[TASK DESCRIPTION]: Below are records to be repeated exactly. Leave their pictures behind.

Free-text object descriptions
_ _ _ _ _ _ _

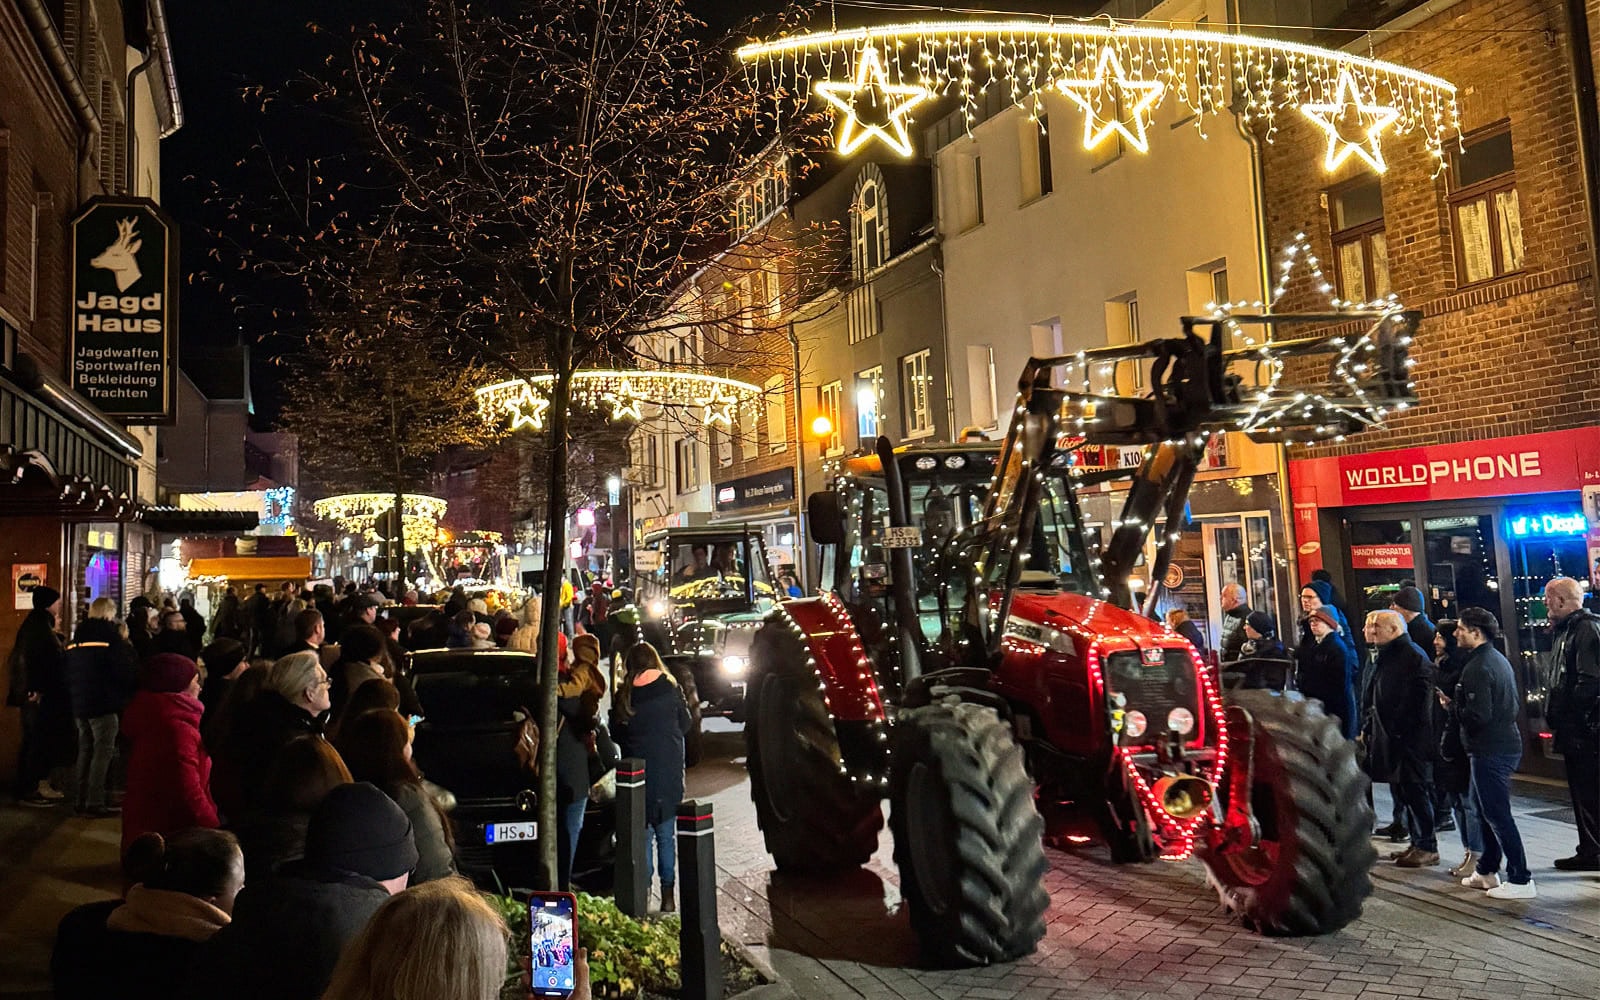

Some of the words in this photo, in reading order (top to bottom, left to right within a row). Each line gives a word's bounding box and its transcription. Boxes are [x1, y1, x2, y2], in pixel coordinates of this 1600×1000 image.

[77, 291, 162, 314] Jagd
[78, 314, 162, 333] Haus
[78, 347, 159, 359] Jagdwaffen
[76, 360, 161, 372] Sportwaffen
[79, 374, 157, 387] Bekleidung
[88, 387, 148, 398] Trachten
[1123, 451, 1143, 467] KIO
[1353, 548, 1374, 556] HANDY
[1375, 547, 1411, 556] REPARATUR
[500, 826, 517, 839] HS
[527, 825, 535, 838] J

_ _ _ _ _ _ _

[WRITTEN ANSWER]:
Some of the words in this photo, in reading order (top to bottom, left to right within a row). Each line gives a word's bounding box and its transcription. Boxes are [x1, y1, x2, y2], in pixel coordinates of this 1600×1000 image.

[77, 291, 162, 314] Jagd
[78, 314, 162, 333] Haus
[78, 347, 159, 359] Jagdwaffen
[76, 360, 161, 372] Sportwaffen
[79, 374, 157, 387] Bekleidung
[88, 387, 148, 398] Trachten
[1123, 451, 1143, 467] KIO
[1353, 548, 1374, 556] HANDY
[1375, 547, 1411, 556] REPARATUR
[500, 826, 517, 839] HS
[527, 825, 535, 838] J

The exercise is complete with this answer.